Start of Data excerpts

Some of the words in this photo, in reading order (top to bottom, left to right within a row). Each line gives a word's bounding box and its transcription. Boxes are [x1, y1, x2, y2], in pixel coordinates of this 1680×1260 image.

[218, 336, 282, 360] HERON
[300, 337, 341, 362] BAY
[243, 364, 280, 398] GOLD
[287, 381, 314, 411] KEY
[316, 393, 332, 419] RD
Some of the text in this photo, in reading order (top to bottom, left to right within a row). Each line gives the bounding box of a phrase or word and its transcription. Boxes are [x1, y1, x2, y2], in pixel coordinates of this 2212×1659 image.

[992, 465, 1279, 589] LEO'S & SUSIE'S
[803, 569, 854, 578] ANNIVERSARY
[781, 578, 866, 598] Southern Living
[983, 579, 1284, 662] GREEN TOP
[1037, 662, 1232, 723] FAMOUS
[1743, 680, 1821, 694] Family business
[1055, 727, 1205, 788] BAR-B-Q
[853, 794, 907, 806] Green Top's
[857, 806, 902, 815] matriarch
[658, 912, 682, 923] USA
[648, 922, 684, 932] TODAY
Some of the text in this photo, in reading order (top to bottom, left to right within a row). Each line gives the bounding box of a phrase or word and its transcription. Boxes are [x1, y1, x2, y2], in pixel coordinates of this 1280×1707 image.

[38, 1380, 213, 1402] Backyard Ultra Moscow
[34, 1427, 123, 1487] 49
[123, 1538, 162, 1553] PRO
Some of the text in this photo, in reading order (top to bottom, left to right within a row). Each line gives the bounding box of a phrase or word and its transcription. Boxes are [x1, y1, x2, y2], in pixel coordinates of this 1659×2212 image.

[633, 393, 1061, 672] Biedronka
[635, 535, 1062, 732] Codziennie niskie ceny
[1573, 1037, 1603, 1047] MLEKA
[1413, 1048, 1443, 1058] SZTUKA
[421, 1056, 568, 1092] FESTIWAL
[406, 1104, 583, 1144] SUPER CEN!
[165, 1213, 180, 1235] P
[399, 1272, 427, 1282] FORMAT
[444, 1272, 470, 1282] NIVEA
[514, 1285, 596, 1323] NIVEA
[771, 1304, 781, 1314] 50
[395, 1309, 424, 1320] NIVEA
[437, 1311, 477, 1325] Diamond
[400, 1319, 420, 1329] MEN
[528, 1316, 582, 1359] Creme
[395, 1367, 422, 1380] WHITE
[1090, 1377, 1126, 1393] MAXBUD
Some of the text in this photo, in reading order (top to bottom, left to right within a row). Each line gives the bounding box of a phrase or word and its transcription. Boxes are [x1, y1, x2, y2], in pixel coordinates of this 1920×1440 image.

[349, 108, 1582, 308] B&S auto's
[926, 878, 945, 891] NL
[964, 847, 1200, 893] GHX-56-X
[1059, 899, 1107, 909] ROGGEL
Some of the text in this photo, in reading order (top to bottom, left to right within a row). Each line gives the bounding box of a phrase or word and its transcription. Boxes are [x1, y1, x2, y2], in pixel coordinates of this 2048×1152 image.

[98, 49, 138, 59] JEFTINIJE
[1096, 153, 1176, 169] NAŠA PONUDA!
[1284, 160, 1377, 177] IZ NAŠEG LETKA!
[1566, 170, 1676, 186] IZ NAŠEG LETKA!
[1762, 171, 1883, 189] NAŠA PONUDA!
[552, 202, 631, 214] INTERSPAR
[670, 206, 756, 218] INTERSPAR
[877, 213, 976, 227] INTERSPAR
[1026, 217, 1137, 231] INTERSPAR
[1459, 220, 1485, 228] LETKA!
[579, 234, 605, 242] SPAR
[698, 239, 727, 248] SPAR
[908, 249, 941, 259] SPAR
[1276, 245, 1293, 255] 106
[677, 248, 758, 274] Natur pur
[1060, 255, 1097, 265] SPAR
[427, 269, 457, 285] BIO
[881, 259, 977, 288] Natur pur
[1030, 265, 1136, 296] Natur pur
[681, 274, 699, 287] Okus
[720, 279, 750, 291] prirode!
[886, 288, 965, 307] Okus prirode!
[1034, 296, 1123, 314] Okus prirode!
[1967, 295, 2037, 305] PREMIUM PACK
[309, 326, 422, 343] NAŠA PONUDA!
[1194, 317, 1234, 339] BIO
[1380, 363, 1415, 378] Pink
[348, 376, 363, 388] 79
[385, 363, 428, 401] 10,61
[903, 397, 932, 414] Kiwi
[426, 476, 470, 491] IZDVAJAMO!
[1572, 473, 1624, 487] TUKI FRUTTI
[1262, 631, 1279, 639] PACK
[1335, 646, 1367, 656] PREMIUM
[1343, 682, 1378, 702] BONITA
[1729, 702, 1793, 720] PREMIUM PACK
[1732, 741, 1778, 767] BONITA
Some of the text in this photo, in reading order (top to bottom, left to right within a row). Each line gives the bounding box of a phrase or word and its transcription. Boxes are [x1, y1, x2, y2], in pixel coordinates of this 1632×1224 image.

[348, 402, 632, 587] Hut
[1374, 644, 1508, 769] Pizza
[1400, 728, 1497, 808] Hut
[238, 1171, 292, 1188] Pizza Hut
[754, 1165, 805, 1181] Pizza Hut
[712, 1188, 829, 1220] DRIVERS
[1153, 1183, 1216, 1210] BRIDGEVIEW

End of Data excerpts

Each entry above needs to be duplicated verbatim.

- Completed exercise
Some of the words in this photo, in reading order (top to bottom, left to right within a row). Each line gives a word's bounding box and its transcription. Boxes are [x1, y1, x2, y2], in pixel coordinates of this 1680×1260 image.

[218, 336, 282, 360] HERON
[300, 337, 341, 362] BAY
[243, 364, 280, 398] GOLD
[287, 381, 314, 411] KEY
[316, 393, 332, 419] RD
Some of the text in this photo, in reading order (top to bottom, left to right within a row). Each line gives the bounding box of a phrase or word and its transcription. Boxes are [x1, y1, x2, y2], in pixel coordinates of this 2212×1659 image.

[992, 465, 1279, 589] LEO'S & SUSIE'S
[803, 569, 854, 578] ANNIVERSARY
[781, 578, 866, 598] Southern Living
[983, 579, 1284, 662] GREEN TOP
[1037, 662, 1232, 723] FAMOUS
[1743, 680, 1821, 694] Family business
[1055, 727, 1205, 788] BAR-B-Q
[853, 794, 907, 806] Green Top's
[857, 806, 902, 815] matriarch
[658, 912, 682, 923] USA
[648, 922, 684, 932] TODAY
Some of the text in this photo, in reading order (top to bottom, left to right within a row). Each line gives the bounding box of a phrase or word and its transcription. Boxes are [x1, y1, x2, y2], in pixel coordinates of this 1280×1707 image.

[38, 1380, 213, 1402] Backyard Ultra Moscow
[34, 1427, 123, 1487] 49
[123, 1538, 162, 1553] PRO
Some of the text in this photo, in reading order (top to bottom, left to right within a row). Each line gives the bounding box of a phrase or word and its transcription. Boxes are [x1, y1, x2, y2], in pixel coordinates of this 1659×2212 image.

[633, 393, 1061, 672] Biedronka
[635, 535, 1062, 732] Codziennie niskie ceny
[1573, 1037, 1603, 1047] MLEKA
[1413, 1048, 1443, 1058] SZTUKA
[421, 1056, 568, 1092] FESTIWAL
[406, 1104, 583, 1144] SUPER CEN!
[165, 1213, 180, 1235] P
[399, 1272, 427, 1282] FORMAT
[444, 1272, 470, 1282] NIVEA
[514, 1285, 596, 1323] NIVEA
[771, 1304, 781, 1314] 50
[395, 1309, 424, 1320] NIVEA
[437, 1311, 477, 1325] Diamond
[400, 1319, 420, 1329] MEN
[528, 1316, 582, 1359] Creme
[395, 1367, 422, 1380] WHITE
[1090, 1377, 1126, 1393] MAXBUD
Some of the text in this photo, in reading order (top to bottom, left to right within a row). Each line gives the bounding box of a phrase or word and its transcription. Boxes are [x1, y1, x2, y2], in pixel coordinates of this 1920×1440 image.

[349, 108, 1582, 308] B&S auto's
[926, 878, 945, 891] NL
[964, 847, 1200, 893] GHX-56-X
[1059, 899, 1107, 909] ROGGEL
Some of the text in this photo, in reading order (top to bottom, left to right within a row). Each line gives the bounding box of a phrase or word and its transcription. Boxes are [x1, y1, x2, y2], in pixel coordinates of this 2048×1152 image.

[98, 49, 138, 59] JEFTINIJE
[1096, 153, 1176, 169] NAŠA PONUDA!
[1284, 160, 1377, 177] IZ NAŠEG LETKA!
[1566, 170, 1676, 186] IZ NAŠEG LETKA!
[1762, 171, 1883, 189] NAŠA PONUDA!
[552, 202, 631, 214] INTERSPAR
[670, 206, 756, 218] INTERSPAR
[877, 213, 976, 227] INTERSPAR
[1026, 217, 1137, 231] INTERSPAR
[1459, 220, 1485, 228] LETKA!
[579, 234, 605, 242] SPAR
[698, 239, 727, 248] SPAR
[908, 249, 941, 259] SPAR
[1276, 245, 1293, 255] 106
[677, 248, 758, 274] Natur pur
[1060, 255, 1097, 265] SPAR
[427, 269, 457, 285] BIO
[881, 259, 977, 288] Natur pur
[1030, 265, 1136, 296] Natur pur
[681, 274, 699, 287] Okus
[720, 279, 750, 291] prirode!
[886, 288, 965, 307] Okus prirode!
[1034, 296, 1123, 314] Okus prirode!
[1967, 295, 2037, 305] PREMIUM PACK
[309, 326, 422, 343] NAŠA PONUDA!
[1194, 317, 1234, 339] BIO
[1380, 363, 1415, 378] Pink
[348, 376, 363, 388] 79
[385, 363, 428, 401] 10,61
[903, 397, 932, 414] Kiwi
[426, 476, 470, 491] IZDVAJAMO!
[1572, 473, 1624, 487] TUKI FRUTTI
[1262, 631, 1279, 639] PACK
[1335, 646, 1367, 656] PREMIUM
[1343, 682, 1378, 702] BONITA
[1729, 702, 1793, 720] PREMIUM PACK
[1732, 741, 1778, 767] BONITA
Some of the text in this photo, in reading order (top to bottom, left to right within a row). Each line gives the bounding box of a phrase or word and its transcription. Boxes are [x1, y1, x2, y2], in pixel coordinates of this 1632×1224 image.

[348, 402, 632, 587] Hut
[1374, 644, 1508, 769] Pizza
[1400, 728, 1497, 808] Hut
[238, 1171, 292, 1188] Pizza Hut
[754, 1165, 805, 1181] Pizza Hut
[712, 1188, 829, 1220] DRIVERS
[1153, 1183, 1216, 1210] BRIDGEVIEW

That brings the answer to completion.